The track of the Siberian railway from the Sayan district made a relatively straight line west as far as Kuybyshev, whence a variety of switchings from track-line to track-line would bring the train southwest toward the Ukraine. Once in German-occupied territory, it could be driven straight to the Polish border and its contents then transferred to a Western train on the European track-gauge; or—and this was far less desirable on account of the risks—the train could turn south out of the Ukraine, cross the Crimea and deliver its cargo to Sebastopol, thence to be shipped by sea through the Dardanelles. (In 1942, while the Germans still held the Mediterranean, this was a viable possibility; by the time the mission was actually undertaken, it was not.)
In March 1943 the von Geyr plan was settled on. The delay had already amounted to nearly five months. Because the von Geyr plan was clandestine in nature, the training of Krausser’s force had to be rigorous and painstaking: every man in the force had to be able to pass as a Russian.
Documenting, equipping and costuming them took more time; not only did they have to look like Russians and talk like Russians, they also had to know enough about their own manufactured backgrounds to satisfy the suspicious, and they had to know enough contemporary Russian cultural history to sound authentic.
Under the coaching of Abwehr agents and various Russian prisoners-of-war, they made steady—but not exceptionally fast—progress in their effort to become Russians, and between the strenuous care of their training and the slow excavation of intelligence of Siberia from the Abwehr’s espionage field agents, it was the autumn of 1943 bef
ore von Geyr felt confident enough to report to Berlin that Krausser’s team was ready for action.

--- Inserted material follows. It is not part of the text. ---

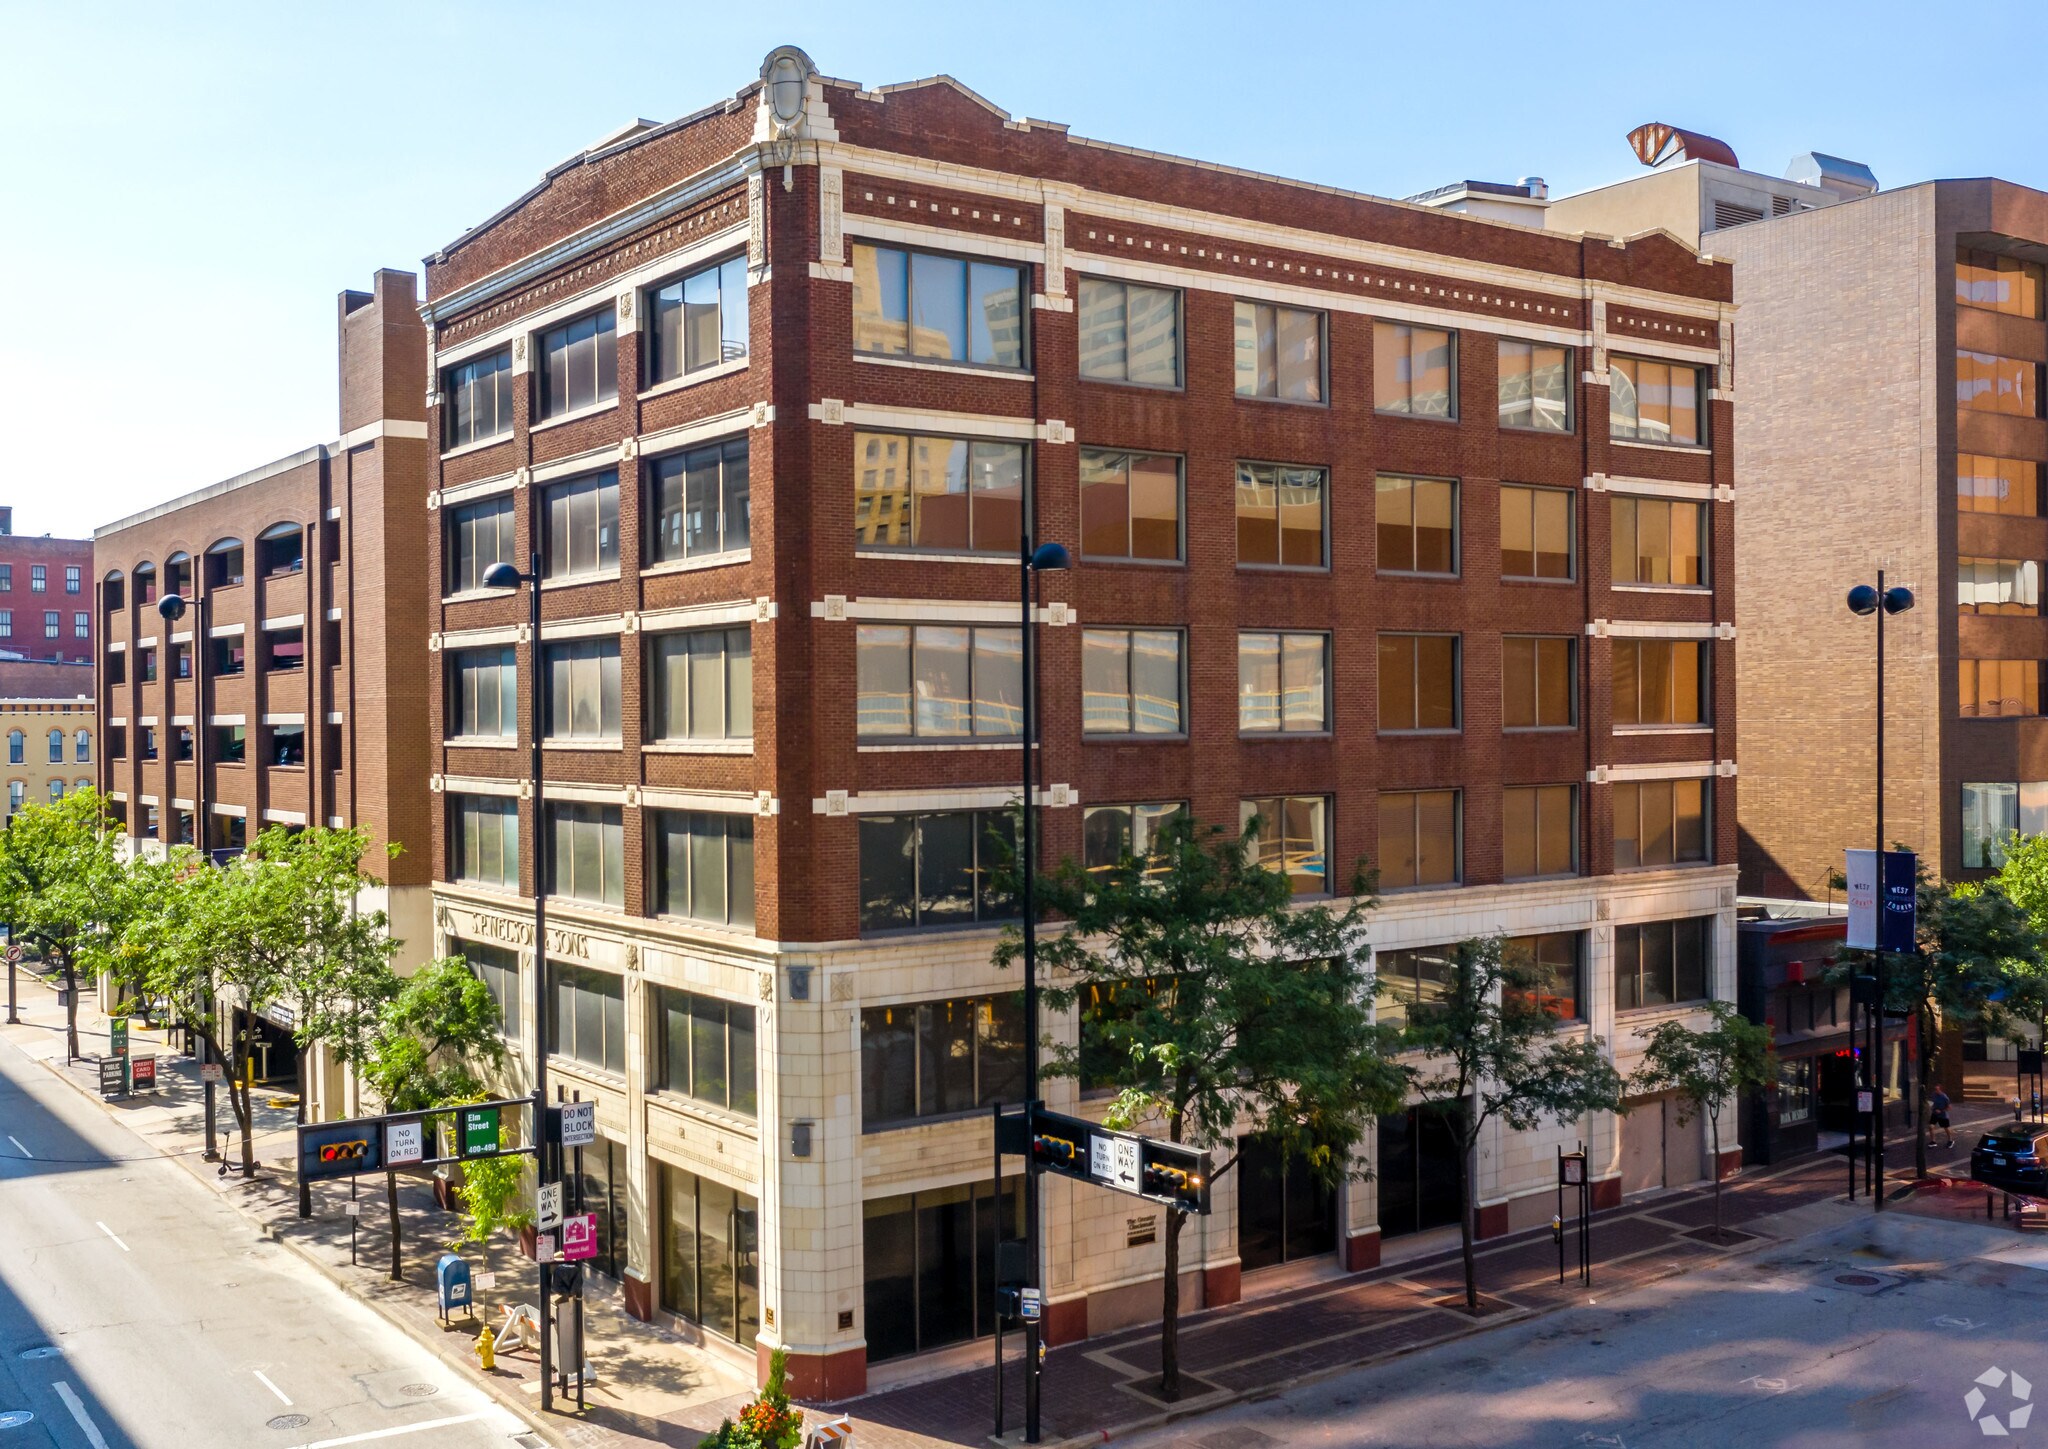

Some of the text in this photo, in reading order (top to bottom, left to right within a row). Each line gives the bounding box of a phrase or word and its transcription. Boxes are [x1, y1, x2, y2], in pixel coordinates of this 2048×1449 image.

It had been decided that the Jagdsonderkommando would travel as a special unit of Soviet Transportation Corpsmen, led by a first lieutenant (the Leutnant who had been a locomotive driver) and chaperoned by a Communist Party commissar—a role played by Krausser himself, in the familiar grey choke-collared uniform of the Red Army, with the insignia of a commissar in place of officer’s epaulets.
The other lieutenant (the one who had been a civil engineer) played the part of a Russian army engineer officer, also a first lieutenant: again, a role close to his actual status.
The cover-story postulated that Moscow wanted a military survey of the iron mines to determine whether it was feasible to reopen them for wartime production. The expedition would have an air of authenticity to it, and even though everyone in the Sayan knew that the mines were empty of iron, no one would be likely to question the Kremlin’s bureaucratic decision to have them reinspected at such a time as this.
Along with the cover story went various sets of forged orders by which the bearers were authorized by the Kremlin to commandeer such rail transport and dispatching priorities as might be needed to transport ore samples out of the district. The signatures on Krausser’s phony orders were those of the highest—and thus least-likely-to-be-questioned—authorities: Malenkov and Marshal Zhukov.
Krausser’s detachment carried reams of documents designed to meet almost any foreseeable contingency. The files of Abwehr, Wehrmacht and RSHA records include copystats of billeting requisitions, orders allowing Krausser to commandeer provisions and tools and equipment, personnel orders (with the names left blank) authorizing the detachment to impress civilian workers into labor companies if it became necessary to repair the tracks and roadbeds of abandoned mining railways, and disciplinary authorizations by which Krausser—as People’s Commissar—was empowered to arrest, sentence and even execute officials who refused to cooperate. The latter were designed mainly with railway dispatching controllers in mind; once the train was loaded the Germans wanted to get it across the Soviet Union as quickly as possible.